Saved entries
==============================
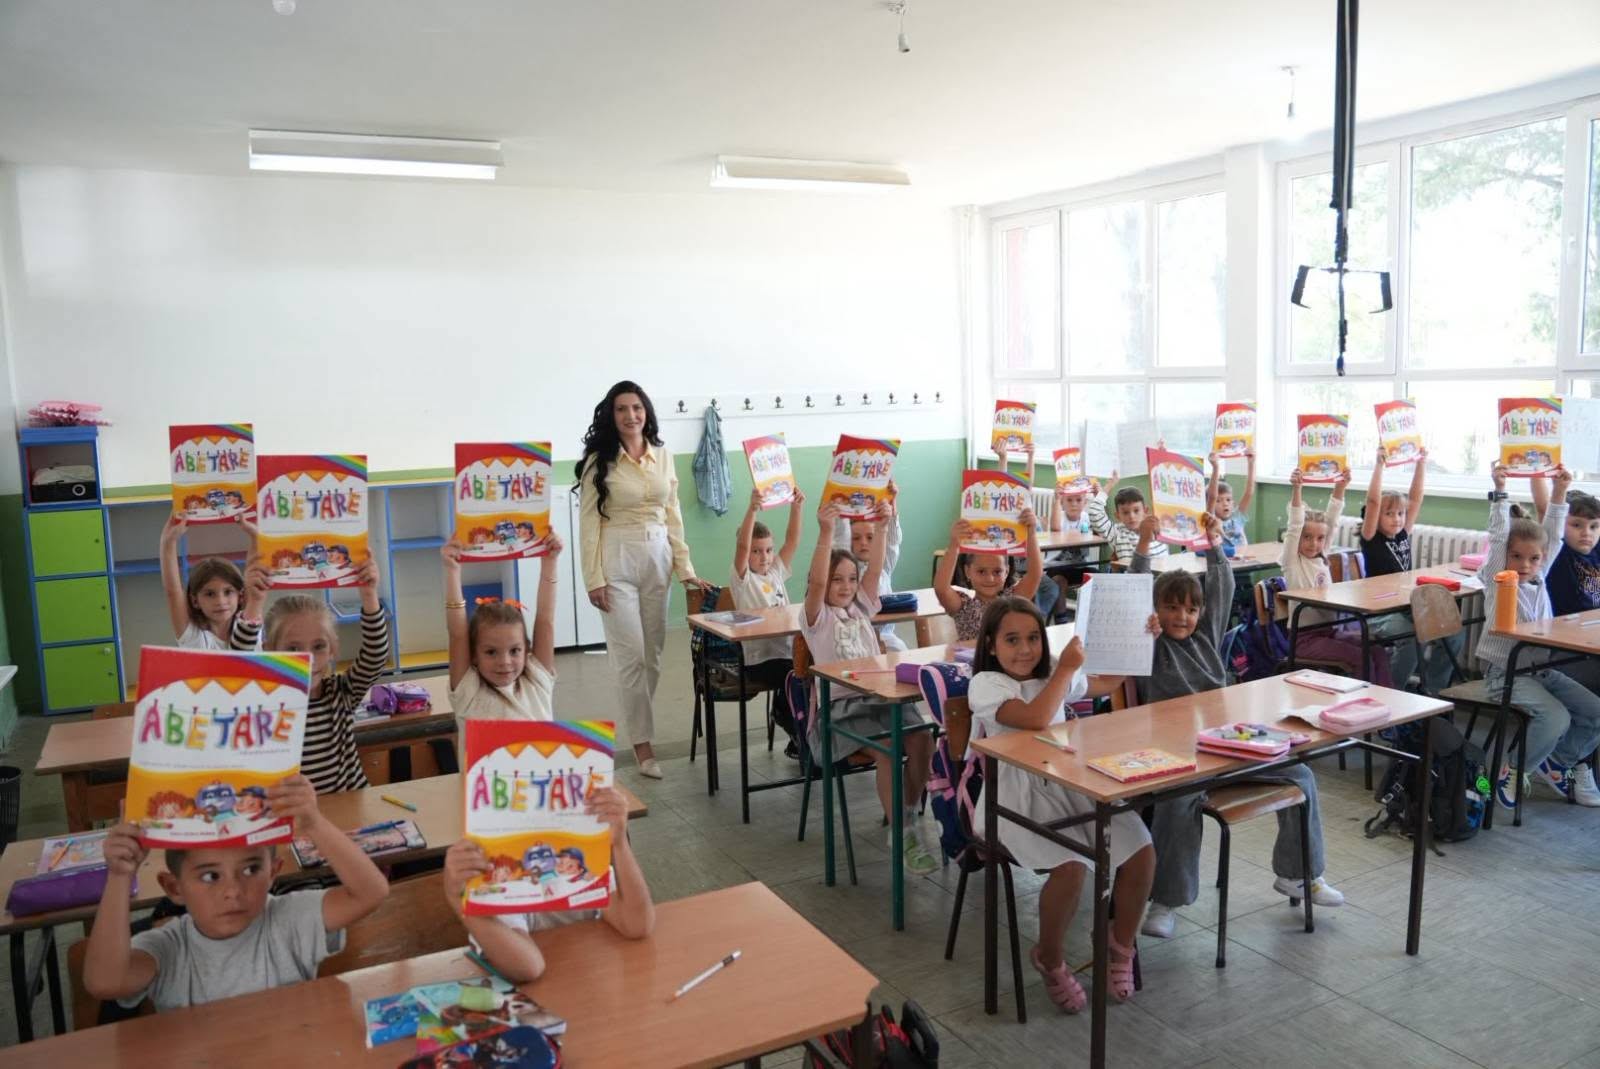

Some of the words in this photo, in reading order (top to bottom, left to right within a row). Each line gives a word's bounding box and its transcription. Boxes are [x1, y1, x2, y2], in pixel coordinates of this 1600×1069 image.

[1300, 431, 1345, 448] ABETARE
[1502, 418, 1558, 436] ABETARE
[174, 448, 249, 474] ABETARE
[833, 456, 892, 479] ABETARE
[460, 475, 545, 502] ABETARE
[1153, 470, 1203, 498] ABETARE
[261, 490, 361, 521] ABETARE
[964, 491, 1025, 512] ABETARE
[139, 702, 296, 750] ABETARE
==============================
Pictures are to be left out; all else in the entries above is to be quoted exactly.

• [REPLY]:
Some of the words in this photo, in reading order (top to bottom, left to right within a row). Each line gives a word's bounding box and its transcription. Boxes are [x1, y1, x2, y2], in pixel coordinates of this 1600×1069 image.

[1300, 431, 1345, 448] ABETARE
[1502, 418, 1558, 436] ABETARE
[174, 448, 249, 474] ABETARE
[833, 456, 892, 479] ABETARE
[460, 475, 545, 502] ABETARE
[1153, 470, 1203, 498] ABETARE
[261, 490, 361, 521] ABETARE
[964, 491, 1025, 512] ABETARE
[139, 702, 296, 750] ABETARE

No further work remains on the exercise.